Marcolino Moco, que declarou apoio na campanha eleitoral à UNITA, desvalorizou as críticas ao facto de os deputados da oposição terem tomado assento no parlamento.
Quem tem culpa, argumentou, “é aquele que monta uma CNE (Comissão Nacional Eleitoral) com um Manico (alcunha do presidente da CNE) em frente, que toda a gente sabe qual é seu perfil”.
“Quem tem culpa é que monta um Tribunal Constitucional dirigido por uma senhora que é membro do bureau político (do MPLA) e apenas suspendeu (a militância), este é que tem culpa e não é a UNITA, mas aqui parece que se invertem as coisas”, realçou.
No entender deste histórico militante e dirigente do MPLA, a ausência de Adalberto Costa Júnior na investidura de João Lourenço, “é normal” porque a situação “não era agradável” pelo facto de terem sido “roubados dos votos”.
Porque, justificou, “não é agradável naquele choque em todos nós tomamos, em que foram roubados os votos, um indivíduo aparecer aí, mas isso não significa não reconhecer o Presidente da República”.
“Quando há um golpe de Estado num país, temos de reconhecer quem tomou o poder pela força, porque se não, no mínimo não vamos comer, não vamos andar, porque vamos ser vítimas de retaliações”, acrescentou.
O também ex-secretário executivo da Comunidade dos Países de Língua Portuguesa (CPLP) considerou ainda como relevante a presença da UNITA no parlamento e no Conselho da República porque é aí “onde a luta pelo bom funcionamento das instituições deve continuar”.
“Então, a melhor alegria a dar ao sistema é a UNITA comparecer às eleições e depois das eleições, mesmo roubadas, não participar nas instituições e aí teríamos uma grande alegria do sistema que voltaria naturalmente para o sistema do partido único, que já terminou em 1992”, notou.

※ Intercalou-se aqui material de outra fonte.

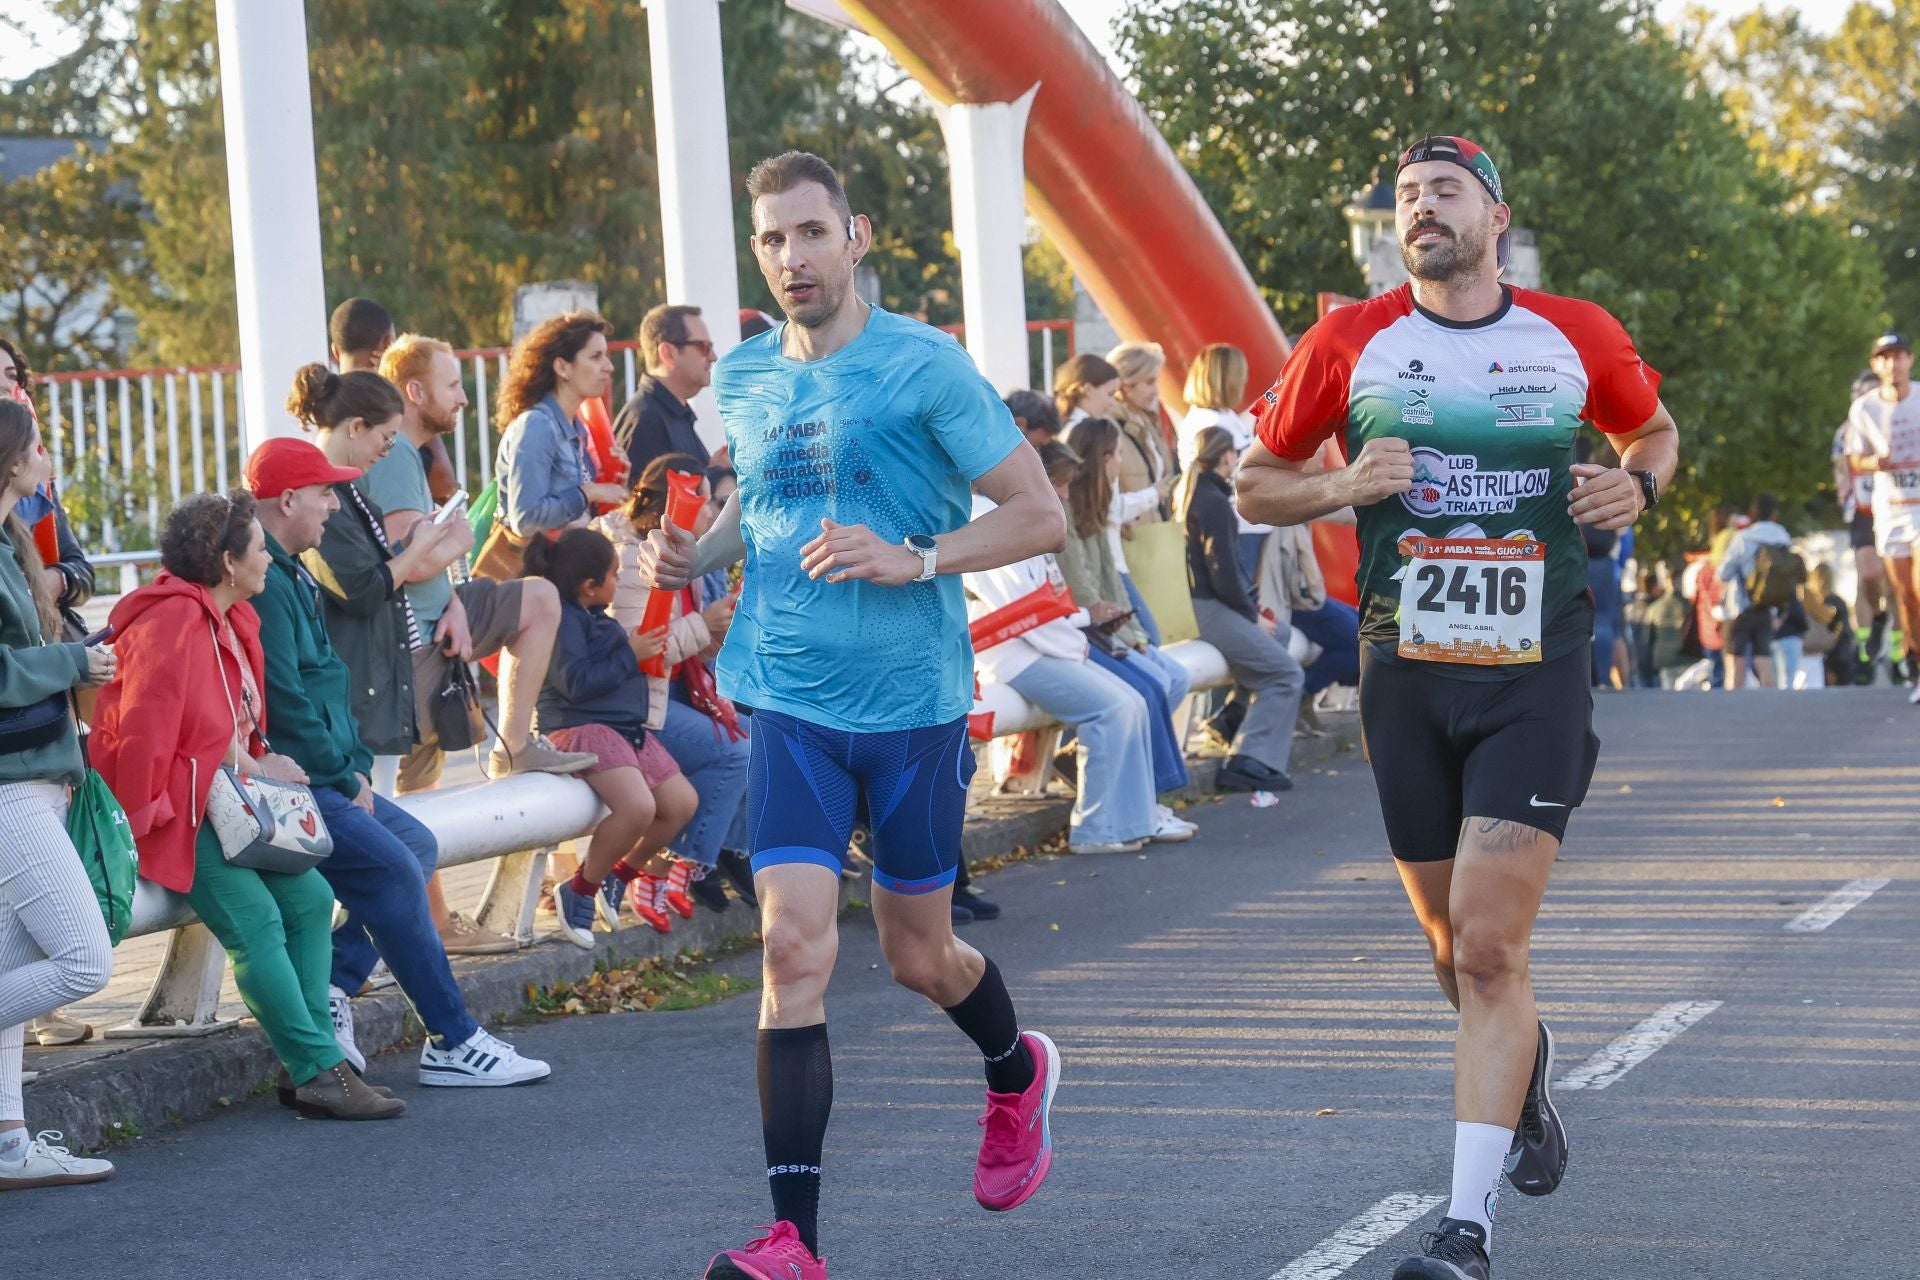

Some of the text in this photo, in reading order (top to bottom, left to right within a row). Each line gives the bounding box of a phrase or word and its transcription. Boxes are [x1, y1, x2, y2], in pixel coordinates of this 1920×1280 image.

[1398, 371, 1436, 383] VIATOR
[786, 421, 827, 440] MBA
[779, 442, 830, 462] media
[1446, 498, 1513, 513] TRIATLON
[1443, 545, 1473, 554] MBA
[1496, 545, 1523, 556] GIJÓN
[1416, 564, 1527, 616] 2416
[1448, 623, 1495, 632] ANGEL ABRIL

Este problema “não é da UNITA só, é problema de um sistema que proclama democracia e não tem coragem de dizer que isso é uma ditadura e com uma certa cobardia proclama-se uma democracia onde ela não existe, então daí a importância da UNITA e de quem poder participar nas instituições para defendê-las”, rematou Marcolino Moco.